[Stored dataset items]
* * * * * * *
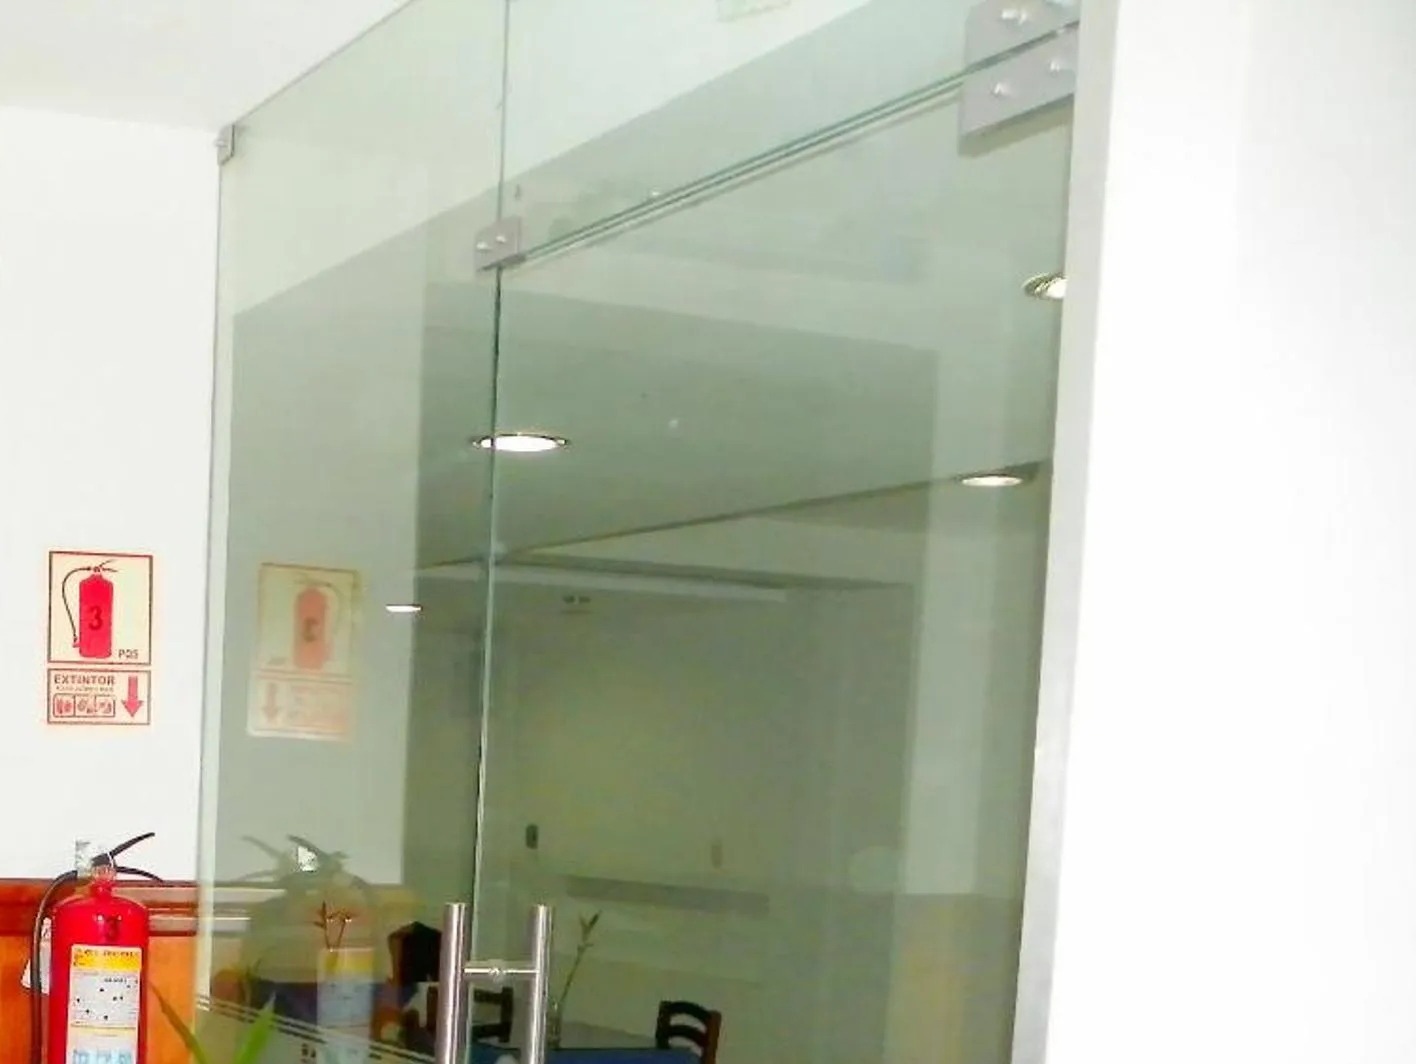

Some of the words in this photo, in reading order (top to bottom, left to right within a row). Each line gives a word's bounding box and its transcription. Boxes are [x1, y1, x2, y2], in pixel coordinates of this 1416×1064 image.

[88, 605, 103, 631] 3
[118, 649, 139, 659] PQS
[54, 673, 116, 685] EXTINTOR
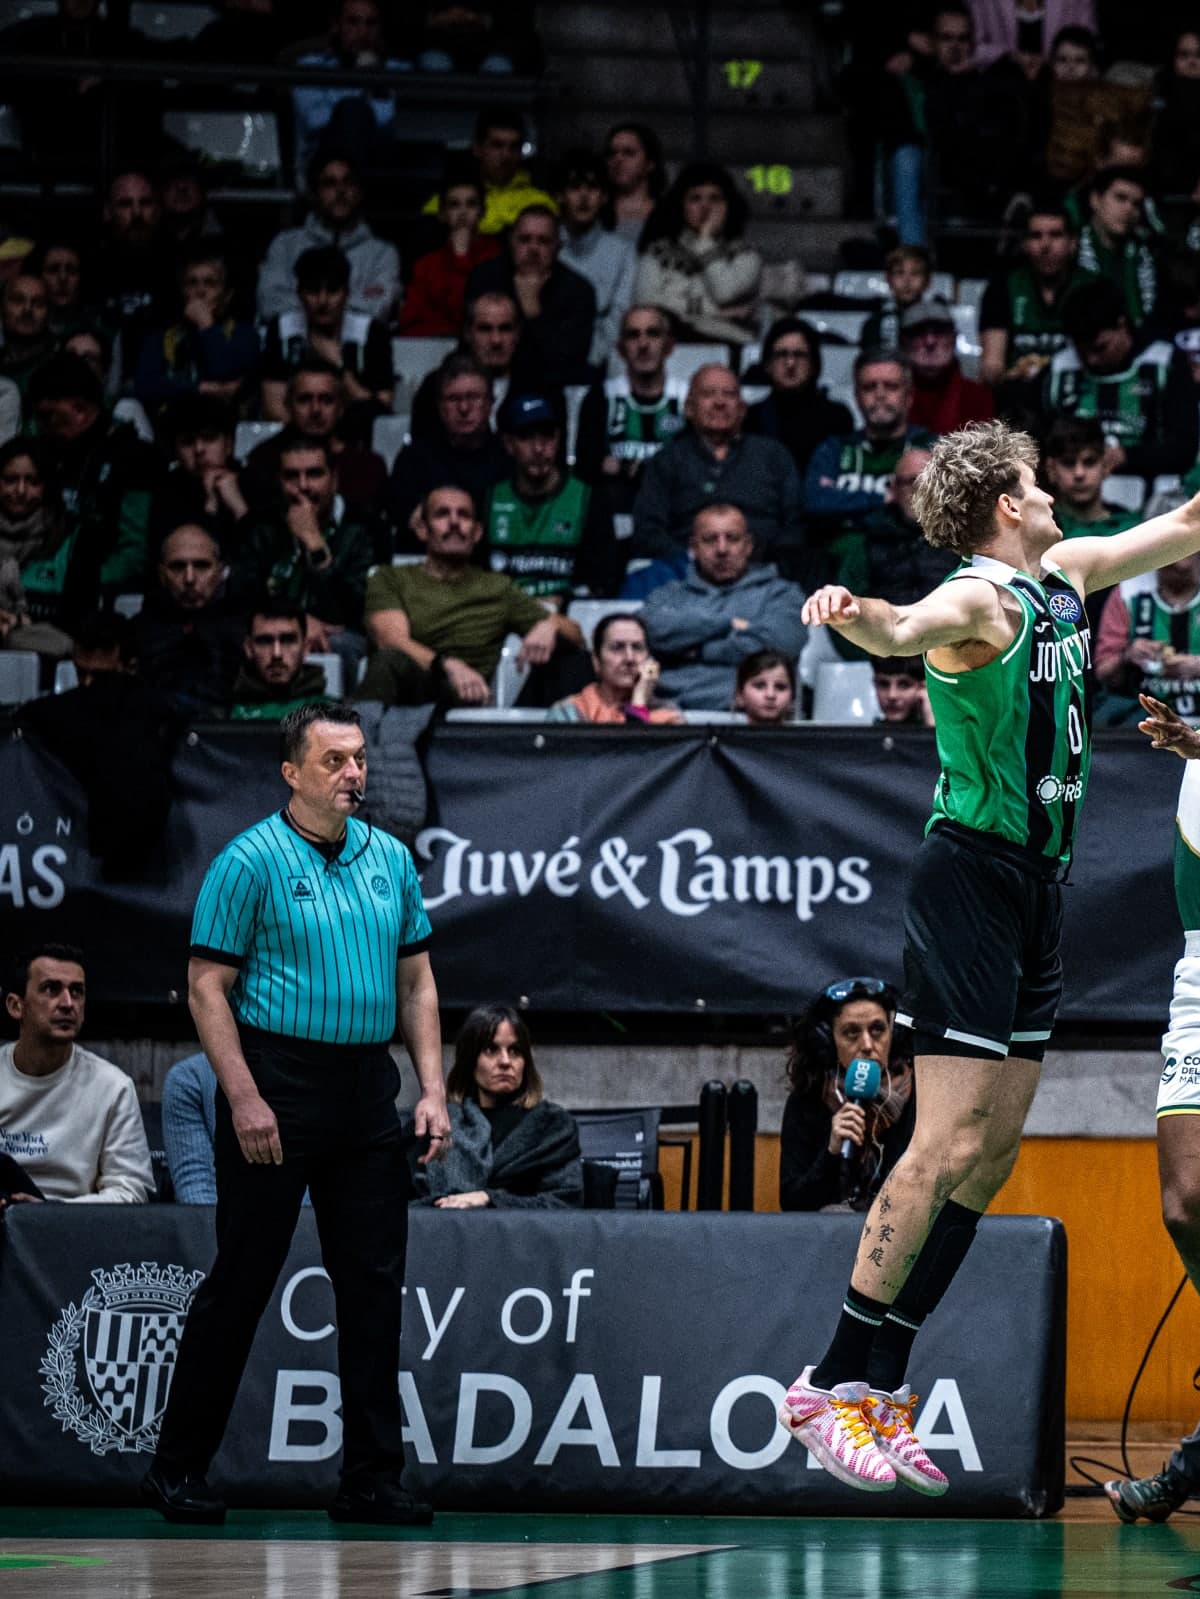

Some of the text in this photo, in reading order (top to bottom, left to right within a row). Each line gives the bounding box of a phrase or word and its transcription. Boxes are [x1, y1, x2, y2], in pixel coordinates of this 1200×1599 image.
* * * * * * *
- About this exercise
Once the pictures are set aside, write out the entries verbatim.

- Exercise output
Some of the words in this photo, in reading order (top to bottom, left to right within a row). Each line gives a word's bounding box and its transcription. Boxes are [x1, y1, x2, y2], in pixel coordinates of this 1416×1064 image.

[88, 605, 103, 631] 3
[118, 649, 139, 659] PQS
[54, 673, 116, 685] EXTINTOR

Some of the text in this photo, in reading order (top to bottom, left to right within a row). Each line gives the bounding box of a phrase or word and its transcription. Boxes are [x1, y1, x2, y2], in pixel coordinates of this 1200×1599 image.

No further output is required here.